In the naughty 1990s, the fashion for absinthe was revived in English bars — Adams gives a chapter to this development. The revival came from Czecho- slovakia. The musician John Moore set up ‘Green Bohemia’ with the businessman George Rowley to import absinthe to Britain, brokering a deal with a Czech firm headed by 81-year-old Radomil Hill. (The Hill family’s distillery had been taken from them by the communists, but Radomil had memorised his father’s recipes.) The product was cleverly advertised — ‘Tonight we’re gonna party like it’s 1899’, with a warning to licensees not to sell anyone more than two shots. I thought I’d better do some practical research for this review, so ordered a Hill’s absinthe in the Rib Room bar of the Carlton Tower hotel. Delivering it, the head barman, Rey, did his bit for the drink’s abiding image by saying, ‘Let us know if you have any hallucinations.’ Before water is added, Hill’s absinthe is an exquisite pale greeny-blue — I can’t think of any precious stone to compare it with. (Sorry if that sounds rather fin-de-siècle, but I was very struck by it.) When I added water, the absinthe didn’t ‘louche’ — turn cloudy. The beautiful pale colour just got a little paler. I liked the taste, which was neither pungently aniseedy, like a Pernod or ouzo, nor so bitter that I felt the need of sugar. No hallucinations.
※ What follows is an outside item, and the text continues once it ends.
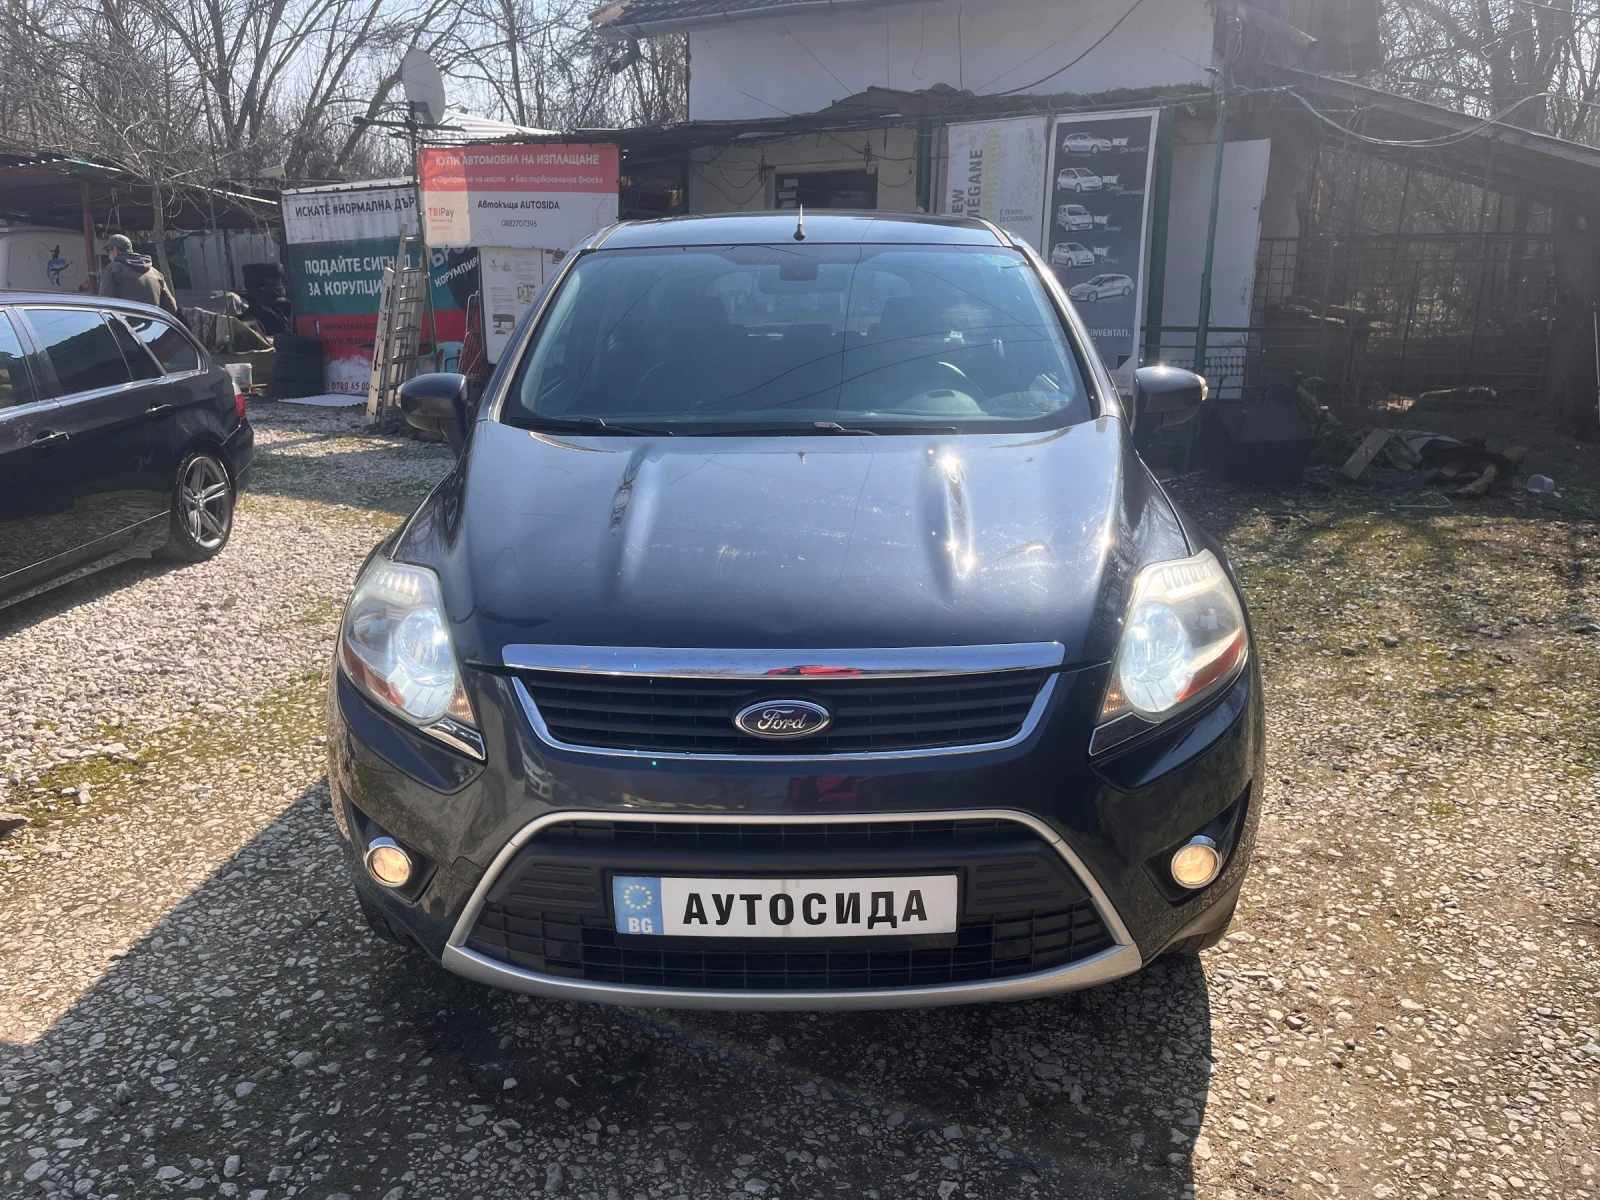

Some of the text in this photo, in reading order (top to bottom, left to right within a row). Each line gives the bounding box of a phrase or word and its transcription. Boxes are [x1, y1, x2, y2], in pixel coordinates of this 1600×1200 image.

Like Adams’s other books, Hideous Absinthe is salted with funny anecdotes. One is of the absinthe-quaffing art critic Theodore Pelloquet, who was ‘never without an absinthe until he died at 48, half paralysed and able only to say “abs…”’ Some of his grieving friends chose to assume that he was calling for absolution. Then there was the Bostonian millionaire playboy Harry Crosby, who wrote in his diary in March 1925: ‘Jasper invented Enosinthe, half-absinthe, half Eno’s Fruit Salts.’

Adams’s research has been so comprehensive that I can add little to his findings. However, when he mentions the absinthe-toping artist Adolphe Monticelli, who influenced Van Gogh (in both painting and drinking), he might have quoted what Walter Sickert said about him in the book A Free House. Monticelli favoured a thick impasto, like tinted porridge: Sickert wrote bitchily of ‘his paddled palettes, jewelled mud pies of fancy’. And again, though Adams mentions Henry Harland, editor of The Yellow Book and friend of Henry James, I suspect that one of the few books that have escaped his net is Karl Beckson’s Henry Harland: His Life and Work (1978). Beckson quotes a letter of July 1895 in which Harland urges the publisher John Lane to join him in Dieppe:

We’ll bathe in the sea, and drink absinthe on the terrace of the casino, and lose our money at petits-chevaux, and do all sorts of amusing, foolish things.

Beckson also gives us Harland’s letters of July 1900 to Edmund Gosse, sent from Lago Maggiore: ‘There are white peacocks in the garden … though (alas!) there’s no absinthe to feed ’em with.’ Beckson explains: ‘This alludes to an anecdote told about Harland who once taught a peacock at a café in the Bois de Boulogne to eat cake soaked in absinthe.’ Harland made use of the incident in his novel The Lady Paramount (1902). One of the characters, a Miss Sandus, tells the Countess of Sampaolo of a literary man who had trained a peacock to eat sponge cake soaked in absinthe. The countess asks, ‘What happened to the poor peacock?’ Miss Sandus replies, ‘When you’re married and come to stay with me in Kensington, I’ll ask the literary man to dinner.’

Those small grace-notes are hardly missed in Jad Adams’s book, which gives us so many more. Hideous Absinthe is a model of how to convey the exhilaration of an exciting subject without getting all melodramatic. In reading it — whirled through encounters with Van Gogh, Gauguin and Verlaine in aniseed-scented cafés — I almost experienced the hallucinations that failed to materialise at the Carlton Tower.